Le plastique est omniprésent dans la vie moderne, des emballages alimentaires aux fibres textiles. De minuscules fragments appelés microplastiques et nanoplastiques apparaissent désormais à l’intérieur des organes humains. Cet article examine ce que cela pourrait signifier pour les cancers du système urinaire, tels que les cancers de la prostate, de la vessie et du rein, et comment des particules plastiques similaires pourraient un jour aider à délivrer des traitements anticancéreux de manière plus ciblée.

D’où viennent ces minuscules plastiques

Les microplastiques et nanoplastiques sont de petits morceaux de plastique d’origine humaine qui se forment lorsque des objets plus grands se désintègrent ou lorsqu’ils sont fabriqués à l’échelle microscopique. Ils résistent à la dégradation et s’accumulent dans l’environnement, polluant l’air, l’eau, le sol et les aliments. Les personnes les ingèrent principalement par l’alimentation et les boissons, mais aussi en respirant la poussière intérieure et, dans une moindre mesure, par la peau. Des études estiment que la personne moyenne pourrait avaler l’équivalent d’une carte bancaire de plastique chaque année. Une fois dans le corps, ces particules peuvent circuler dans le sang et ont été détectées dans le sang, l’urine et même le placenta.

Figure 1. Comment de minuscules particules plastiques passent de notre environnement aux organes urinaires et influencent le risque de cancer et le traitement.
Figure 1. Comment de minuscules particules plastiques passent de notre environnement aux organes urinaires et influencent le risque de cancer et le traitement.

Ce qui se passe dans le corps

Des études en laboratoire et chez l’animal montrent que ces microplastiques peuvent perturber l’organisme de plusieurs manières.
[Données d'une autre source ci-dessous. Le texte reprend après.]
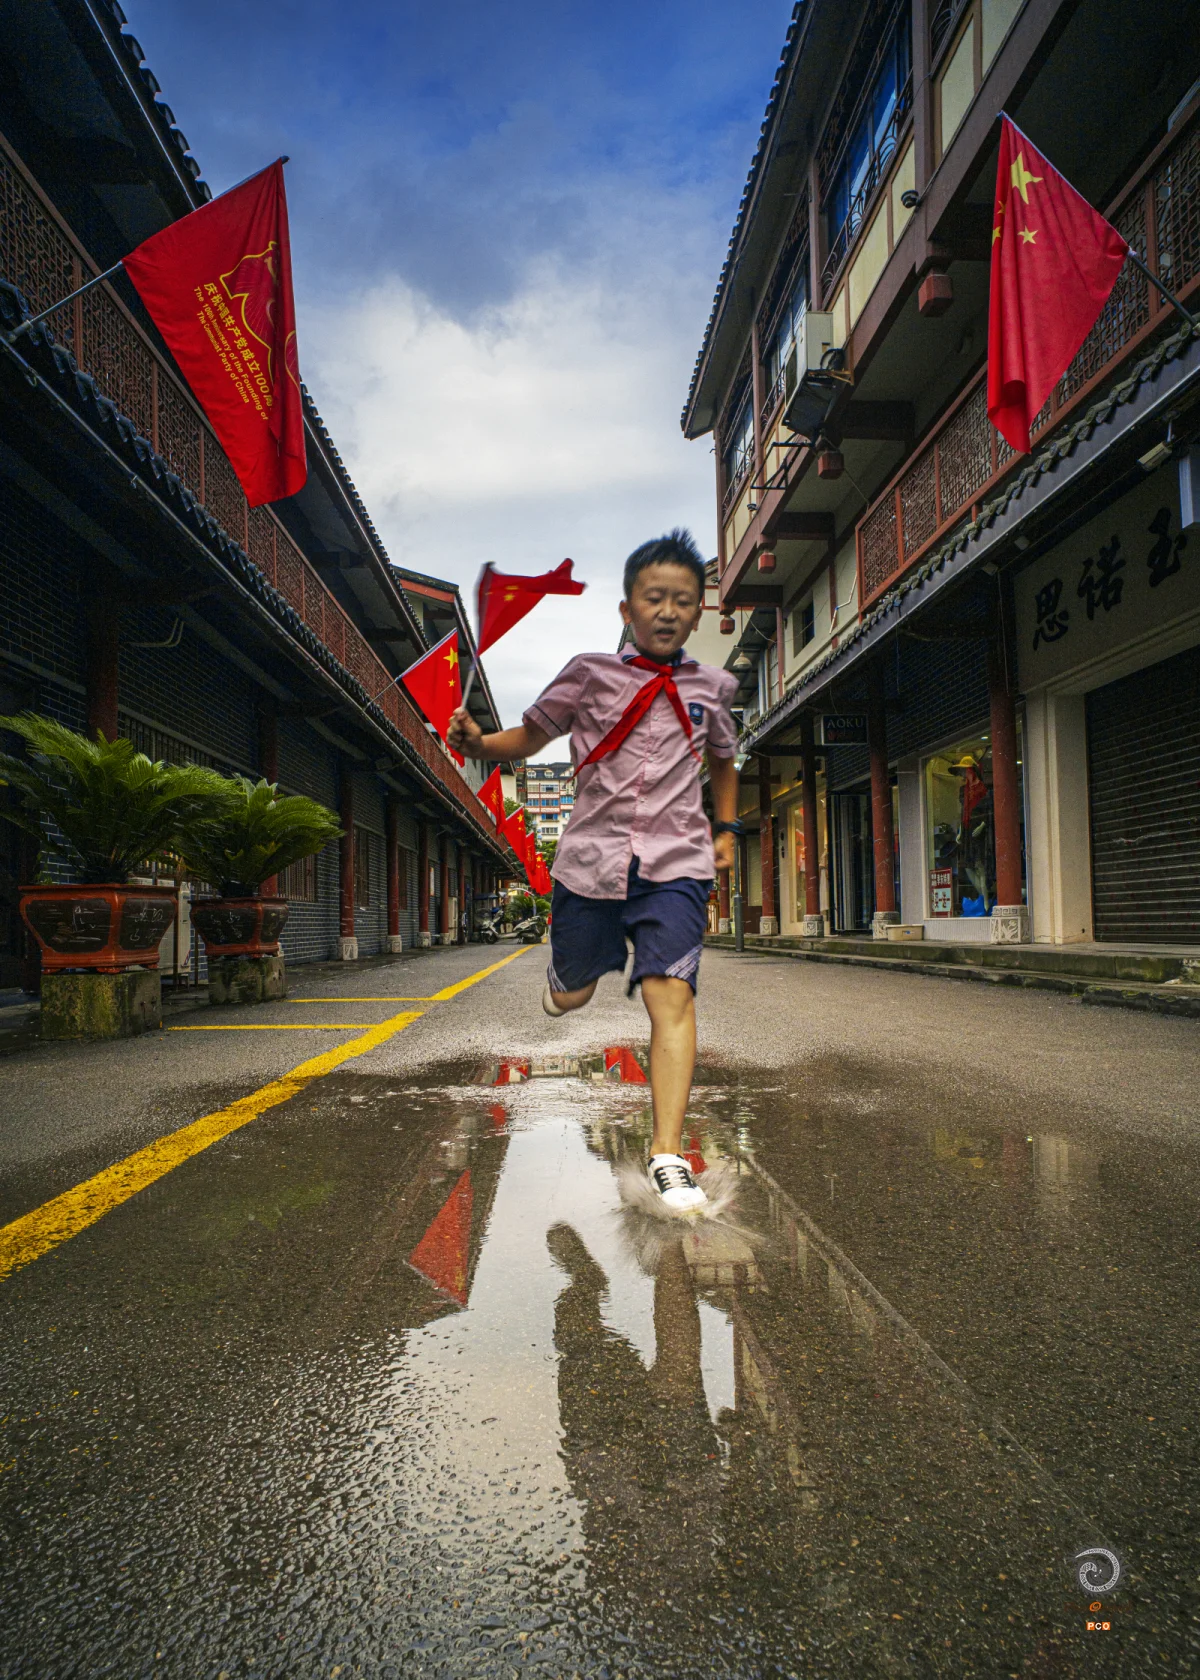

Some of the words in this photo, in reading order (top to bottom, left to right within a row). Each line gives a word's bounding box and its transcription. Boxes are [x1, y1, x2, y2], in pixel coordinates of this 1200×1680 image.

[194, 286, 204, 302] The
[203, 303, 215, 321] 100th
[229, 352, 238, 361] of
[234, 360, 244, 373] the
[241, 373, 264, 411] Founding
[261, 411, 269, 420] of
[197, 310, 206, 324] The
[203, 323, 221, 353] Communist
[219, 352, 232, 372] Party
[230, 373, 239, 381] of
[235, 381, 250, 404] China
[827, 717, 864, 729] AOKU
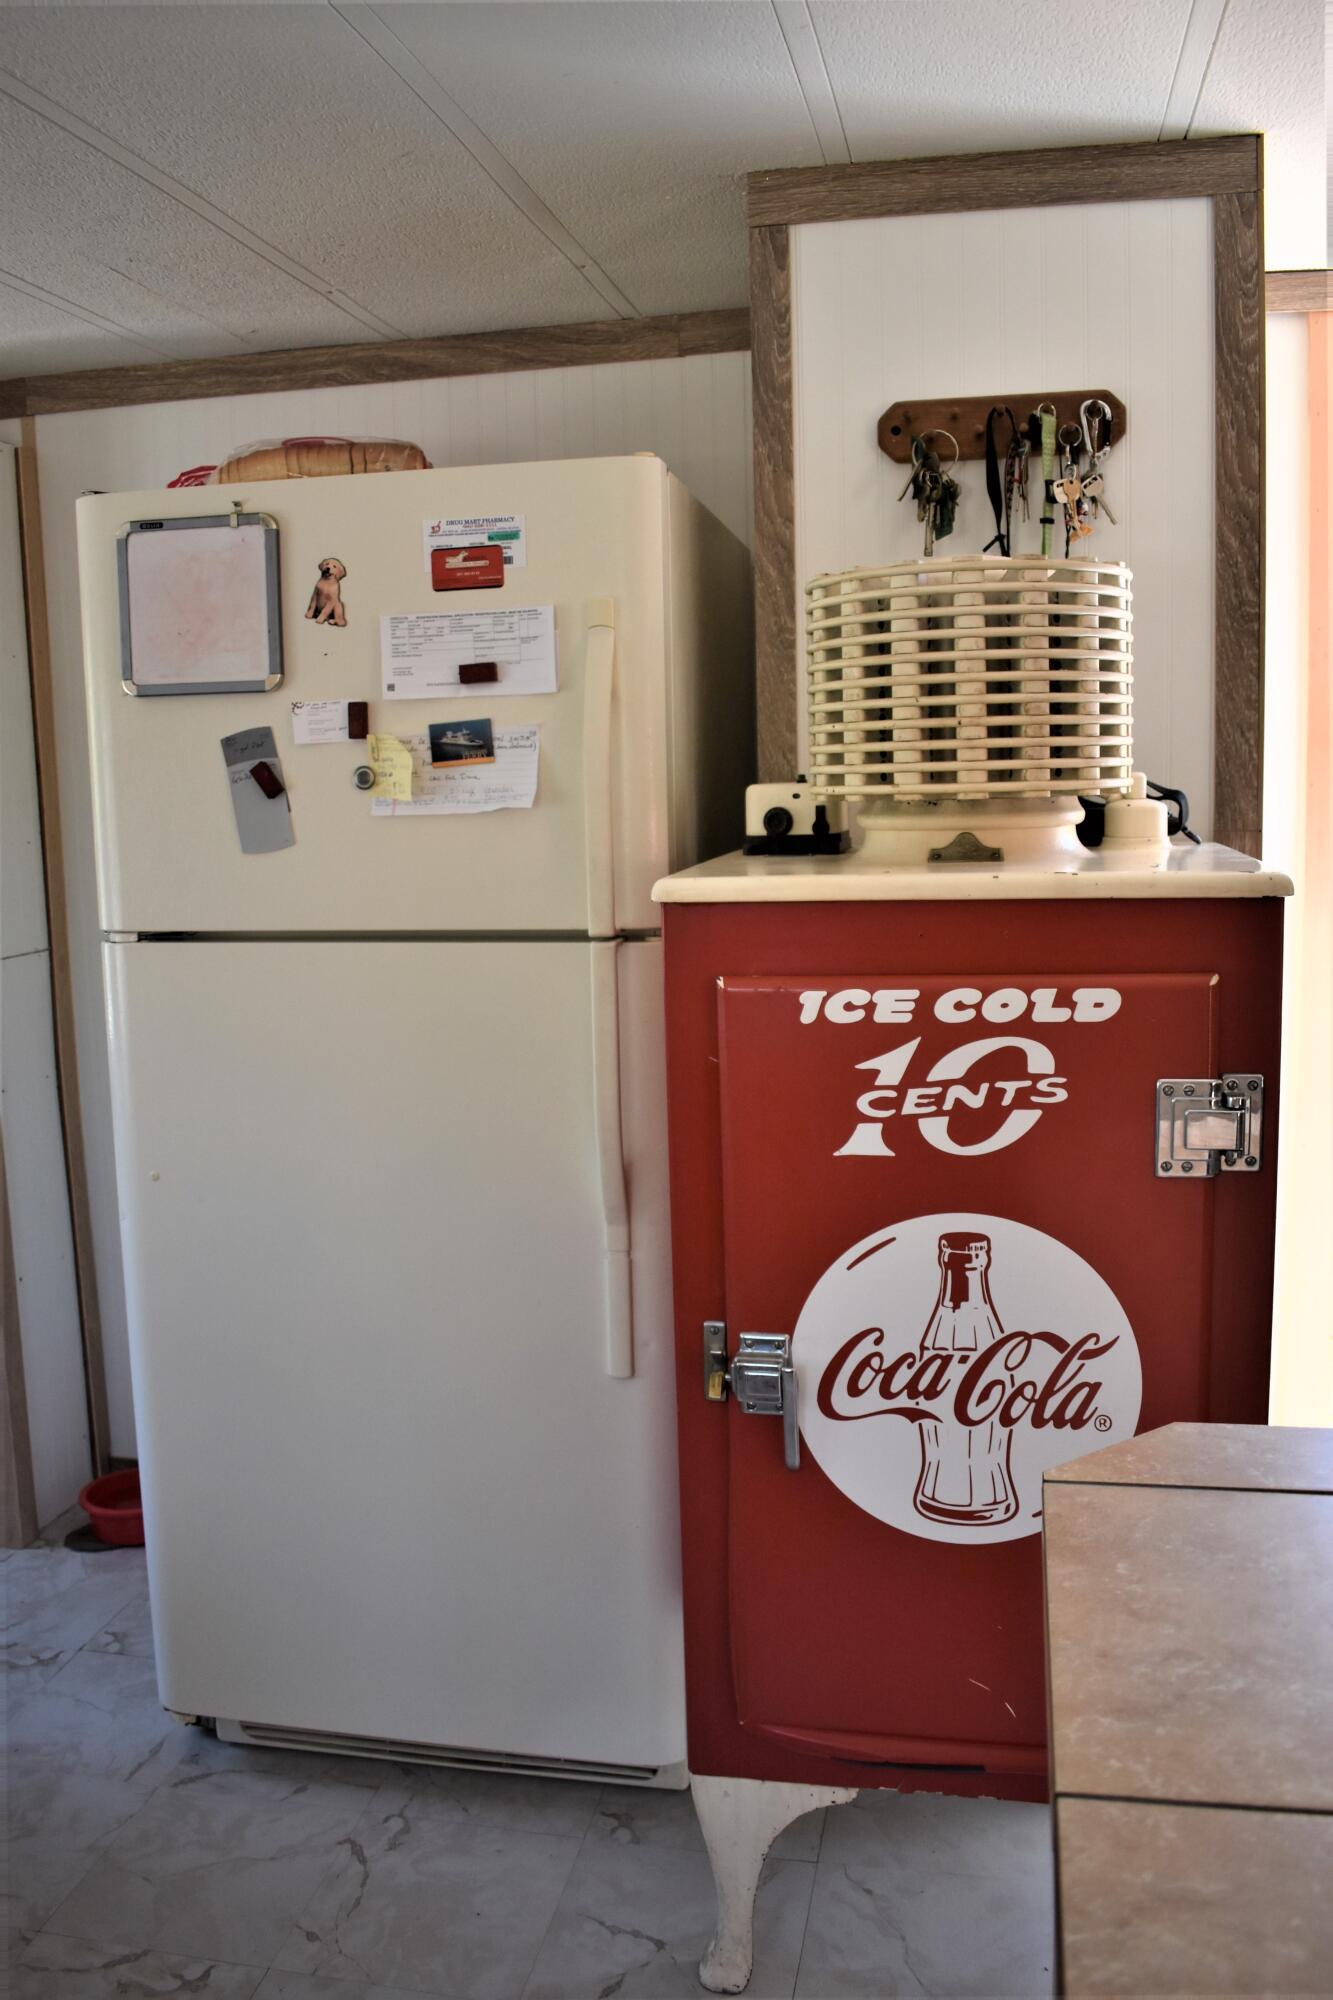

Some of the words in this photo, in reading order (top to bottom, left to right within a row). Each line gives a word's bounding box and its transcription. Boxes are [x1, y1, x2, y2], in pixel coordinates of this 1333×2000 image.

[799, 988, 921, 1024] ICE
[933, 987, 1123, 1024] COLD
[832, 1036, 1056, 1157] 10
[856, 1076, 1069, 1118] CENTS
Leur taille et leur chimie superficielle leur permettent de pénétrer dans les cellules, où ils sont souvent piégés dans de petites vésicules internes. Là, ils peuvent déclencher une inflammation persistante et augmenter les niveaux de molécules d’oxygène instables qui endommagent l’ADN et les structures cellulaires. Certains plastiques transportent aussi des additifs chimiques ou des polluants qui interfèrent avec les hormones. Ces effets combinés peuvent favoriser la prolifération cellulaire, affaiblir les systèmes de réparation intrinsèques et créer un microenvironnement tissulaire propice au développement du cancer au fil du temps, bien que cela n’ait pas encore été démontré de façon concluante chez l’humain.

Indices provenant des cancers de la prostate, de la vessie et du rein

Des chercheurs ont commencé à rechercher directement des particules plastiques dans les tumeurs génitourinaires. Des travaux initiaux ont mis en évidence des microplastiques dans des échantillons humains de cancers de la prostate et de la vessie, souvent en quantités supérieures à celles observées dans les tissus non cancéreux adjacents. Dans une étude, des hommes ayant davantage de particules plastiques dans leurs tumeurs prostatiques rapportaient aussi consommer plus fréquemment des plats à emporter, suggérant une source alimentaire possible. D’autres recherches relient la présence de produits chimiques liés aux plastiques dans les urines au cancer de la prostate. Des expériences sur des modèles rénaux et vésicaux suggèrent que les microplastiques peuvent déclencher des fibroses, un stress oxydatif et des modifications immunitaires dans les voies urinaires, et peuvent interagir avec d’autres polluants et des régimes riches en graisses. Toutefois, ces résultats n’établissent qu’une association et une plausibilité biologique, pas une relation de cause à effet définitive.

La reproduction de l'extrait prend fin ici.